(Stored data entries)
################
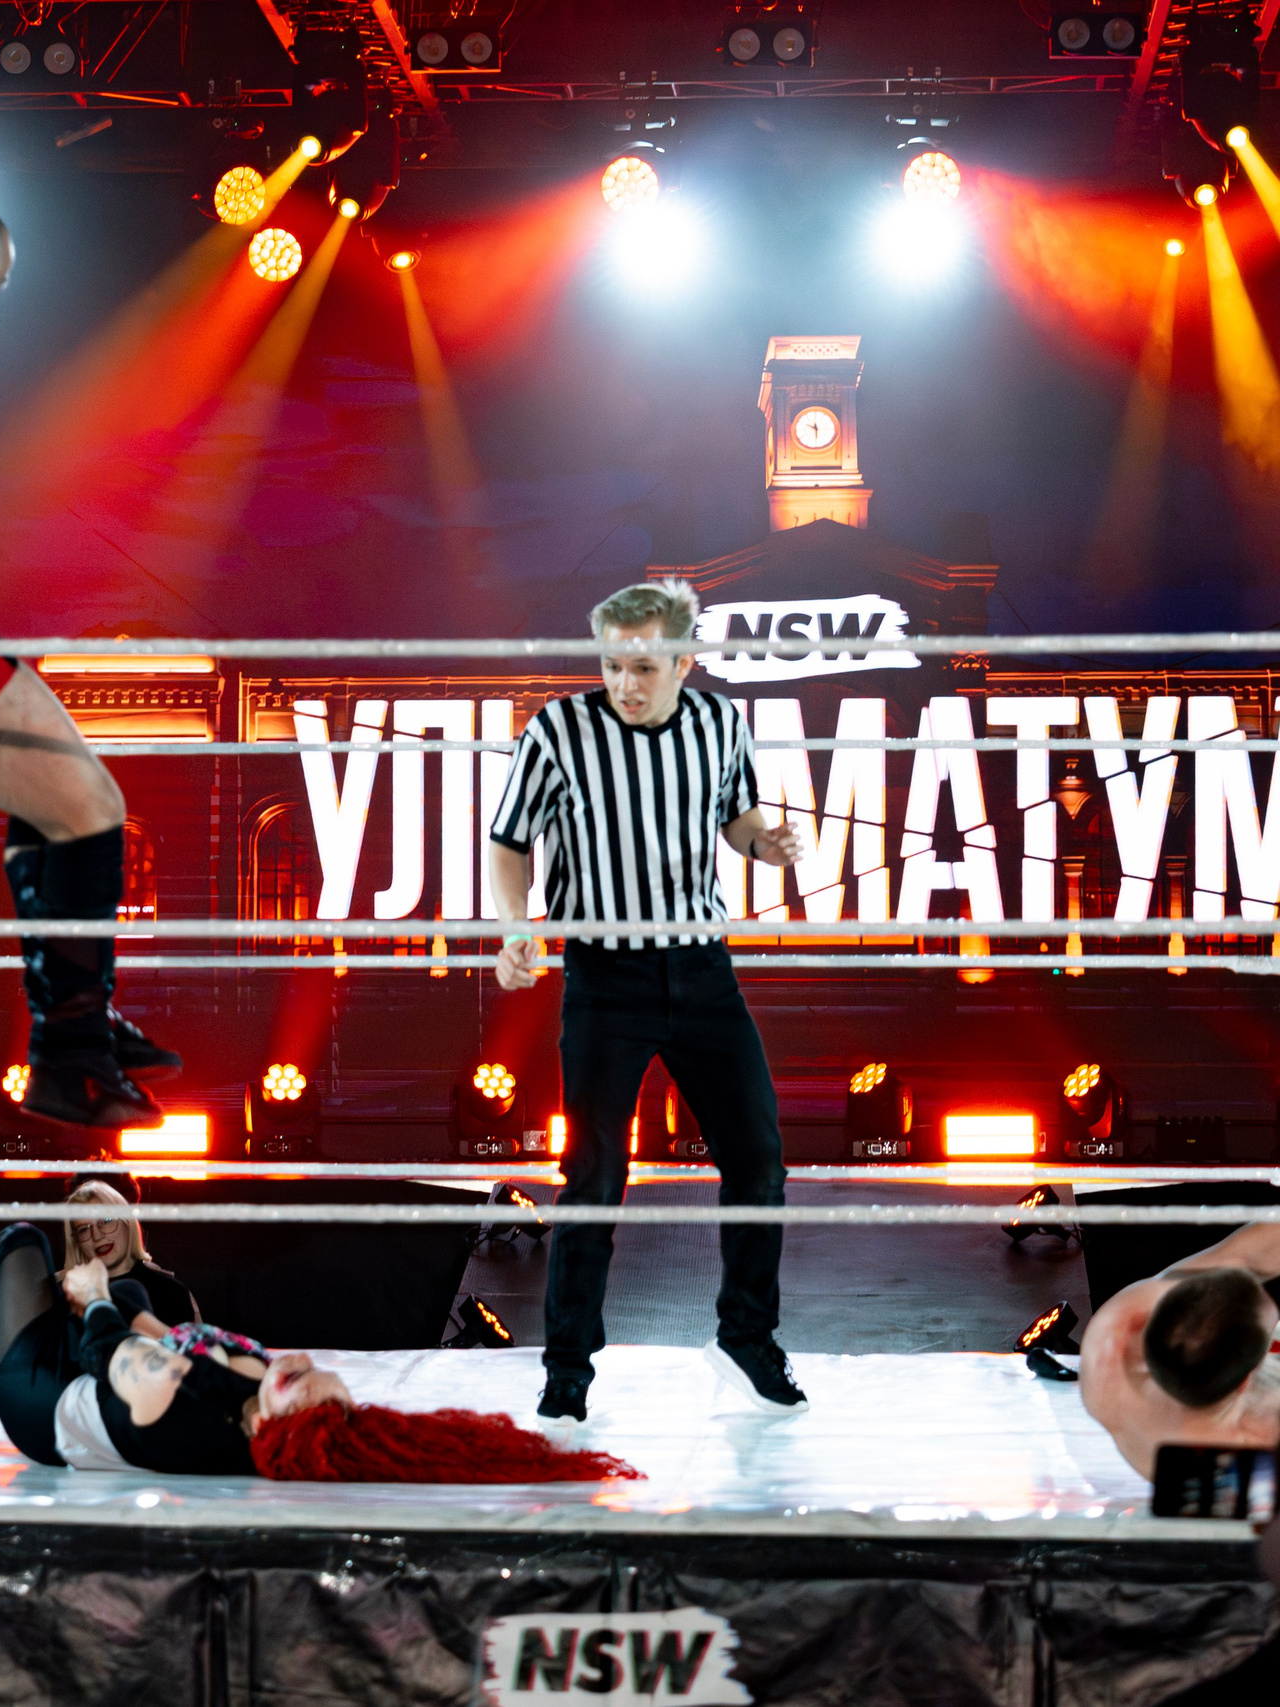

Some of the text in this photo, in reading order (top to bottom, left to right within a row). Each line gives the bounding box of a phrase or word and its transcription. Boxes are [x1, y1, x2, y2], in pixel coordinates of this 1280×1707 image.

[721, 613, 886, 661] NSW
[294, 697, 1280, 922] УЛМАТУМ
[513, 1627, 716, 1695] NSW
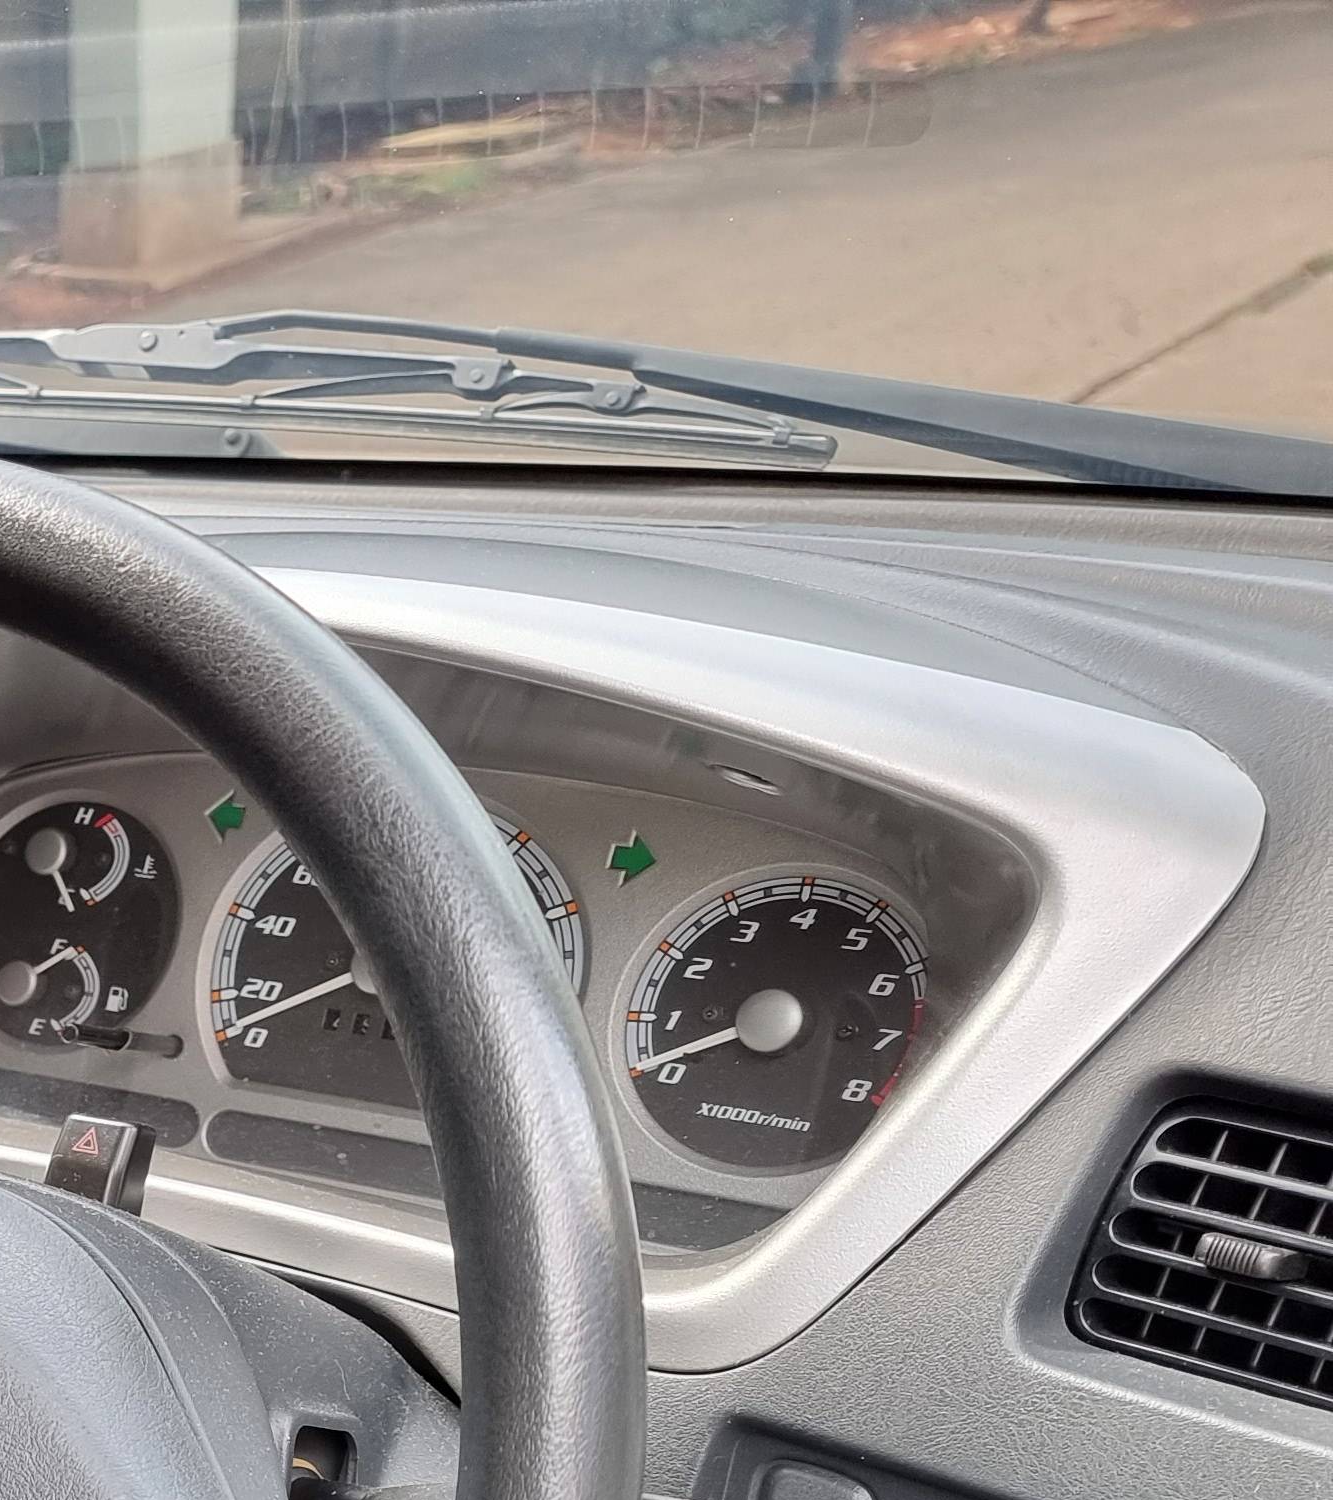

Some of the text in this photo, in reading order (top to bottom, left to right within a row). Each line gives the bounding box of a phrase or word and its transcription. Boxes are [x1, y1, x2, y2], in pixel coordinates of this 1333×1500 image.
################
For this exercise, output the records exactly but omit their pictures.

### EXPECTED OUTPUT
Some of the text in this photo, in reading order (top to bottom, left to right within a row). Each line gives the bounding box of a phrase or word and its transcription. Boxes are [x1, y1, x2, y2], in pixel coordinates of this 1280×1707 image.

[721, 613, 886, 661] NSW
[294, 697, 1280, 922] УЛМАТУМ
[513, 1627, 716, 1695] NSW

Some of the text in this photo, in reading order (top to bottom, left to right within a row). Each line gives the bounding box of a phrase or word and its transcription. Boxes are [x1, y1, x2, y2], in pixel coordinates of this 1333×1500 image.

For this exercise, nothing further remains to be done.